If you have hard-coded the number of cores per node, please note that Triolith has 16 cores per compute node, not 8 as on the previous generation (e.g Neolith/Kappa/Matter).
NOTE: It is not recommended to hard-code the number of cores in this way. It will break your jobs if you run on e.g the "huge" Kappa nodes. Please use the relevant SLURM environment variables instead, e.g
$SLURM_JOB_CPUS_ON_NODE. For more information, read the sbatch man page.

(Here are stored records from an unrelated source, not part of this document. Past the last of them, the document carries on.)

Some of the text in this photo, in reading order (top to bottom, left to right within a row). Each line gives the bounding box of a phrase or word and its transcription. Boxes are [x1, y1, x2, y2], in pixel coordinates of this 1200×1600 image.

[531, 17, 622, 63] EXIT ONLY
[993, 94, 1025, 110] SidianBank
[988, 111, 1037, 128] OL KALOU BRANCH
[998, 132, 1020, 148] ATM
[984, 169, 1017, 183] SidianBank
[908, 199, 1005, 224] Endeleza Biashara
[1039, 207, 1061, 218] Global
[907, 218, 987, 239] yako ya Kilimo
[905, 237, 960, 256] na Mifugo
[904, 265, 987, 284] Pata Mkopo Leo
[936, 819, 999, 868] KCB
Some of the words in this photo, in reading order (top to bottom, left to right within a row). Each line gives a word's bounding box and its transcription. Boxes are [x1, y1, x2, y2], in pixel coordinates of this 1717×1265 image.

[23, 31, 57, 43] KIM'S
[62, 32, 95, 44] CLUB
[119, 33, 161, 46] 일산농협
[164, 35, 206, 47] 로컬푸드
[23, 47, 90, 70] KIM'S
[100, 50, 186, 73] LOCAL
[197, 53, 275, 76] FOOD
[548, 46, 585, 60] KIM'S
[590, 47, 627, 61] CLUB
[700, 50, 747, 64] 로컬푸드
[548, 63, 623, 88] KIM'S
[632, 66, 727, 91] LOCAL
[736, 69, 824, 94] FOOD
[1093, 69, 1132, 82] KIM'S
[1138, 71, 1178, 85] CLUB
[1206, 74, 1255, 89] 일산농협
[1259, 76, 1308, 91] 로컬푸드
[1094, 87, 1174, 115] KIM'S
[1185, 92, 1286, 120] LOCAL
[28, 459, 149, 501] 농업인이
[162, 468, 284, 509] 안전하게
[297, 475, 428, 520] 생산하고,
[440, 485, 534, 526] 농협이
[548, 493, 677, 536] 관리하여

There is still a local scratch disk available on each node, but you can no longer write files directly to /scratch/local. Instead use the environment variable
$SNIC_TMP, which will be set to a directory that will be created for each job (and deleted when the job ends).
E.g: if your job old script looks like this
#!/bin/bash #SBATCH -t 00:10:00 # ./myapp --tempdir=/scratch/local
then change it to
#!/bin/bash #SBATCH -t 00:10:00 # ./myapp --tempdir=$SNIC_TMP
--tempdir in the example above is just used in this example, not a magic option that you can use for any application to control where it write temporary files!
This change is being done to enable sharing of nodes between jobs.
By the way: there are other standardized SNIC environment variables that you can use to make your job script more portable across all SNIC HPC sites:
|SNIC_SITE||At what SNIC site am I running?||nsc|
|SNIC_RESOURCE||At what compute resource at the SNIC site $SNIC_SITE (see above) am I running?||triolith|
|SNIC_BACKUP||Shared directory with tape backup||/home/$USERNAME|
|SNIC_NOBACKUP||Shared directory without tape backup||/proj/PROJECT / users / USERNAME (if such a directory exists)|
|SNIC_TMP||Recommended directory for best performance during a job (local disk on nodes if applicable)||set for each individual job, e.g /scratch/local/12345|
Sometimes it can be useful to use the "module" command in job scripts. By doing this, you do not have to remember loading certain module before submitting the job.
#!/bin/bash #SBATCH --time=10:00:00 #SBATCH --nodes=2 #SBATCH --exclusive module load someapp/1.2.3 someapp my_input_file.dat
If you write your job scripts using /bin/bash, /bin/csh or /bin/tcsh, the "module" command is automatically available from your script.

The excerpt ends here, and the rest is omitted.